Under the bill, illegal importers of agricultural products will face an imprisonment of not less than 17 years but not more than 20 years. It will also penalize violators of the law with a fine of twice the fair market value of the smuggled products and its corresponding amount of taxes, duties and other charges.

The bill defines agricultural economic saboteurs to include traders who prey on cooperatives by using their permits for smuggling purposes, officers of dummy corporations, non-government organizations, or associations who knowingly sell, lend, lease, assign, and allow the unauthorized use of their import permits.

It also calls for the confiscation of smuggled products, cancellation and revocation of business license, import permits, and other pertinent documents for importation.

It also permanently disqualifies economic saboteurs from importing agricultural products.

Public officials or employees acting in connivance with private individuals or entities will be dismissed from public office and banned from voting in any elections.

The bill is strongly supported by agriculture stakeholders: the irrigators (Pangasinan Federation of Irrigator’s Association, Provincial Confederation of Irrigators Association of La Union, UPRIIS Confederation of Farmers-Irrigators’ Associations); the academe (Pangasinan State University, Nueva Vizcaya State University, Central Luzon State University); and farmers group (National Federation of Hog Farmers, Philippine Confederation of Grains Associations).


The approval of this large-scale-agriculture-smuggling-as-economic-sabotage bill gave farmers, hogs and poultry raisers, and fishermen a glimmer of hope.

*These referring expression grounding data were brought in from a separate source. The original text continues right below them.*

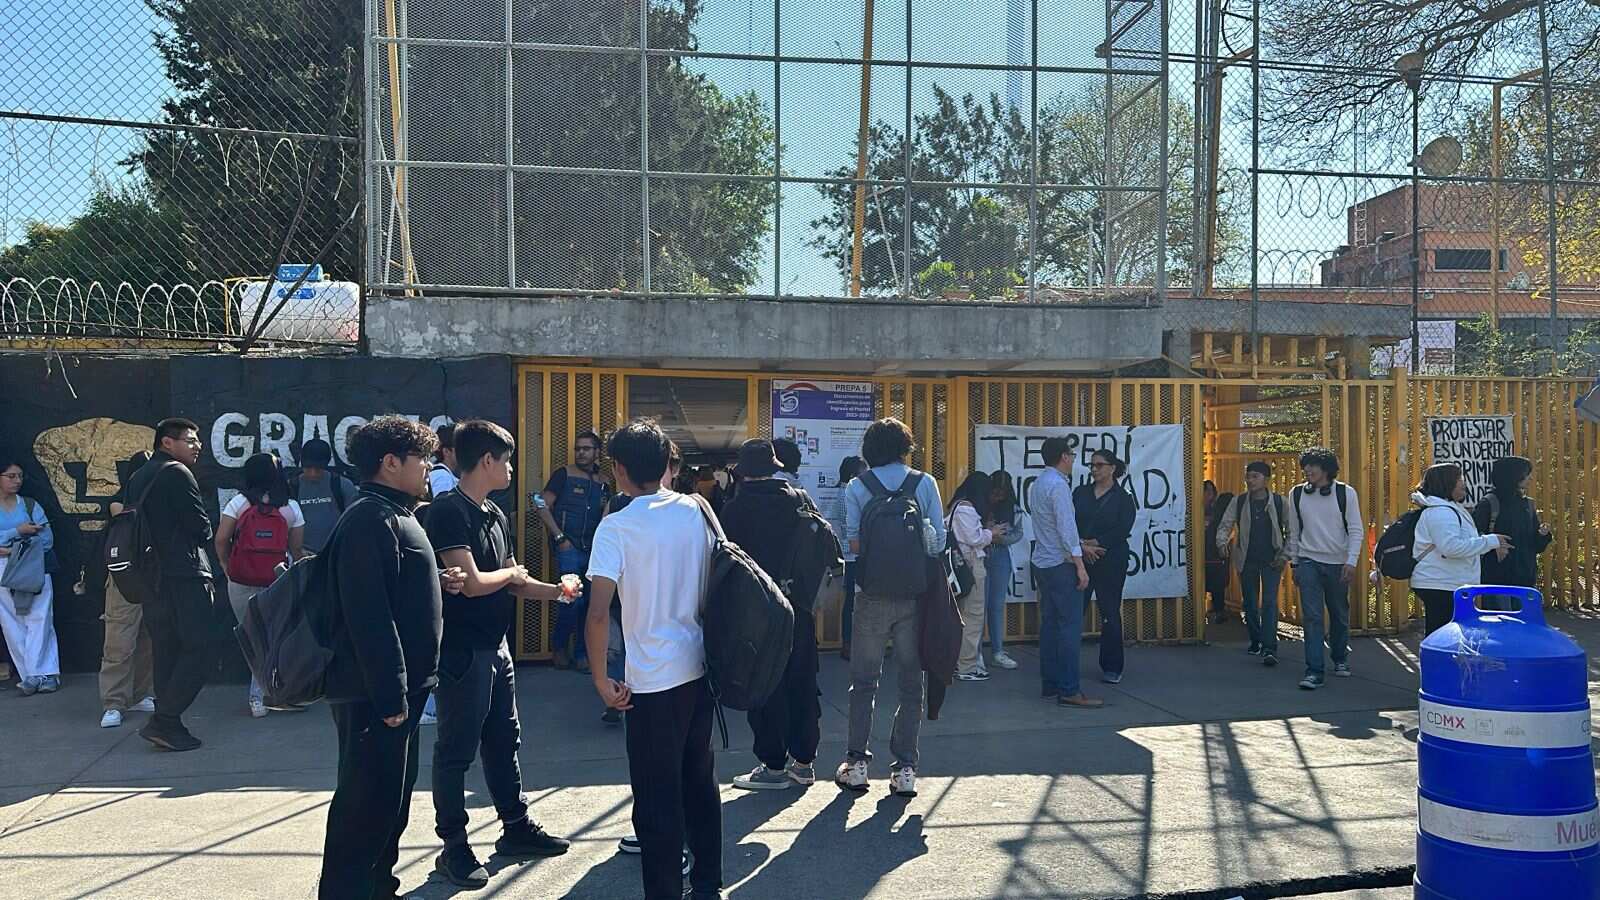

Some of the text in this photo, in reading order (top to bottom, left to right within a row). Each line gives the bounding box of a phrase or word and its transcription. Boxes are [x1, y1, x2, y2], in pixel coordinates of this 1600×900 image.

[835, 384, 861, 392] PREPA
[210, 412, 454, 468] GRAC
[1431, 418, 1506, 441] PROTESTAR
[980, 435, 1047, 470] TE
[1434, 442, 1450, 459] ES
[1452, 440, 1471, 459] UN
[1425, 711, 1465, 729] CDMX

But what happened to the bill? That’s the big mystery. Was it approved, allowed to lapse into law, or vetoed by President Aquino?

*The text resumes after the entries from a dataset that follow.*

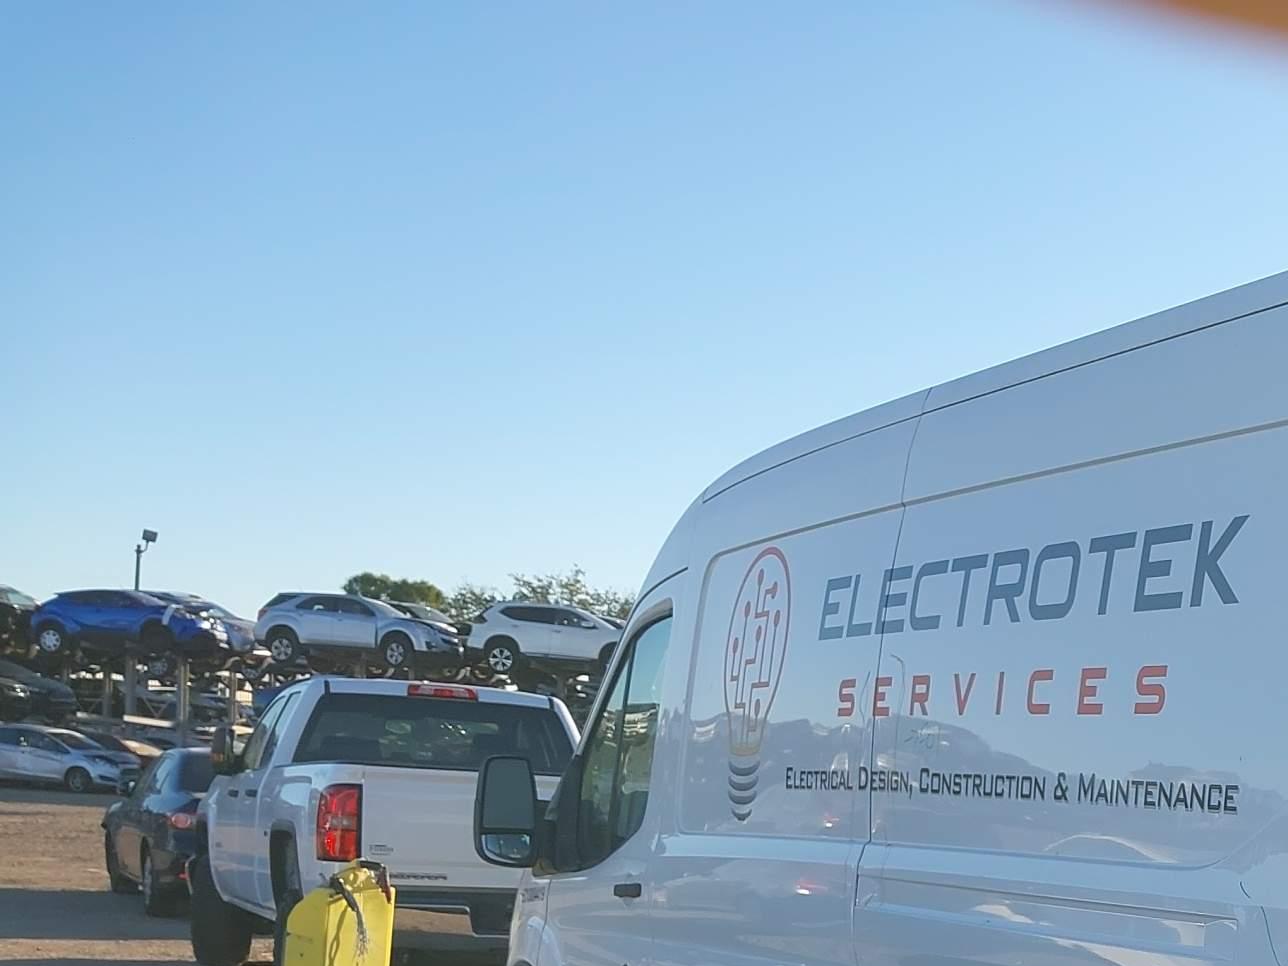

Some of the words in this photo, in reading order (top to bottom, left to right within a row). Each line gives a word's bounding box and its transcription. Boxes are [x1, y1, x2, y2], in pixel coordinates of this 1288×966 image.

[818, 515, 1250, 640] ELECTROTEK
[837, 665, 1168, 717] SERVICES
[785, 767, 853, 790] ELECTRICAL
[858, 768, 913, 799] DESIGN,
[919, 768, 1046, 800] CONSTRUCTION
[1053, 772, 1069, 801] &
[1078, 772, 1239, 814] MAINTENANCE

Mr. Aquino’s action on the bill will reveal his true color? Is he a smuggler-coddler or smuggler-buster?

If Mr. Aquino vetoes the bill, it would reveal that he does not really care for the farmers and fishermen. In addition, it would show that he does not mind going down in Philippine history as the President who condoned big-time smuggling of agricultural products.

If Mr. Aquino approves the bill into law, or at least passively let the bill to lapse into law, it would show that he’s briefed about the negative effects of rampant smuggling on the economy, on local producers and investors, and on the rural poor. By approving the bill he would demonstrate that he has the political will to run after smugglers in his final days in office.

What is it going to be, Mr. President?